The records below are to be repeated exactly, and their pictures left out.
Start of Block
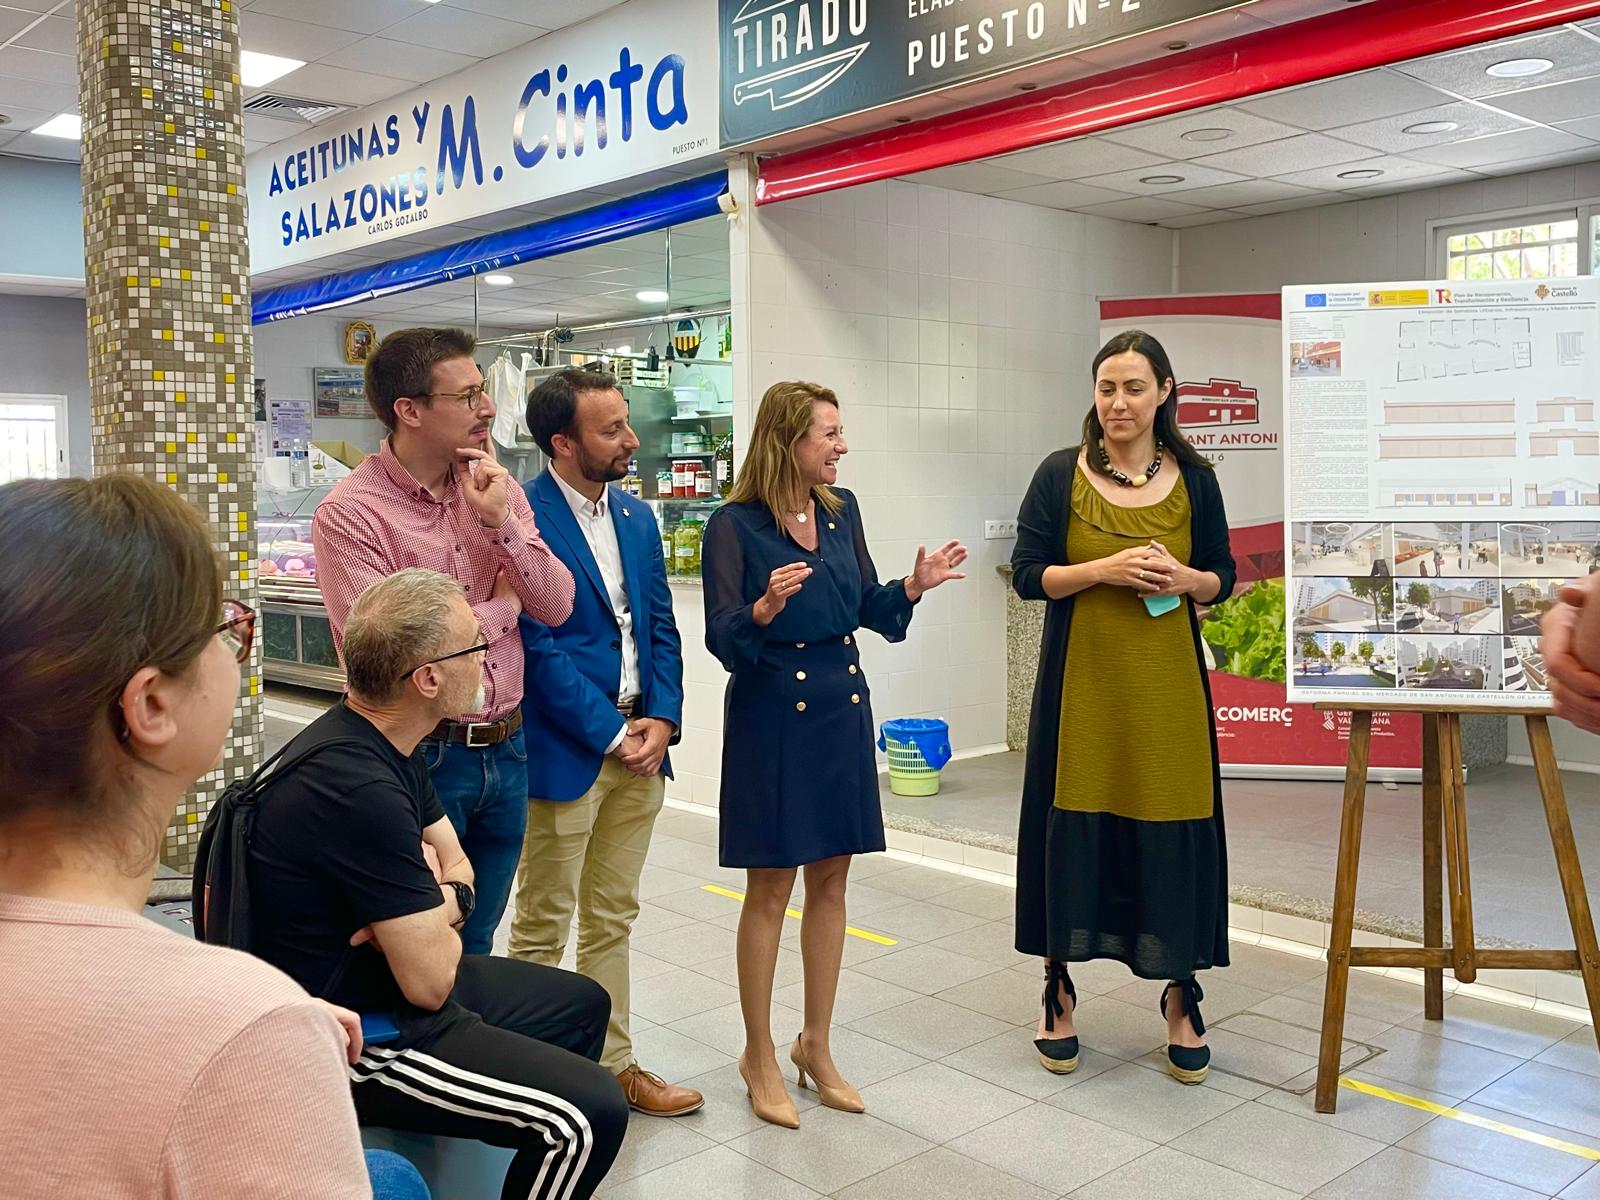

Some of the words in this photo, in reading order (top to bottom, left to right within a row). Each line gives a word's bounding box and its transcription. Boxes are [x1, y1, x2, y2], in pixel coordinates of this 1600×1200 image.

[733, 0, 867, 74] TIRADO
[908, 2, 1045, 76] PUESTO
[269, 115, 400, 197] ACEITUNAS
[412, 102, 430, 144] Y
[434, 95, 503, 195] M.
[513, 47, 688, 169] Cinta
[672, 141, 696, 156] PUESTO
[281, 166, 429, 246] SALAZONES
[368, 220, 393, 235] CARLOS
[395, 209, 429, 226] GOZALBO
[1187, 434, 1216, 445] ANT
[1220, 433, 1278, 445] ANTONI
[1216, 706, 1293, 727] COMERÇ
End of Block
OUTPUT ::
Some of the words in this photo, in reading order (top to bottom, left to right within a row). Each line gives a word's bounding box and its transcription. Boxes are [x1, y1, x2, y2], in pixel coordinates of this 1600×1200 image.

[733, 0, 867, 74] TIRADO
[908, 2, 1045, 76] PUESTO
[269, 115, 400, 197] ACEITUNAS
[412, 102, 430, 144] Y
[434, 95, 503, 195] M.
[513, 47, 688, 169] Cinta
[672, 141, 696, 156] PUESTO
[281, 166, 429, 246] SALAZONES
[368, 220, 393, 235] CARLOS
[395, 209, 429, 226] GOZALBO
[1187, 434, 1216, 445] ANT
[1220, 433, 1278, 445] ANTONI
[1216, 706, 1293, 727] COMERÇ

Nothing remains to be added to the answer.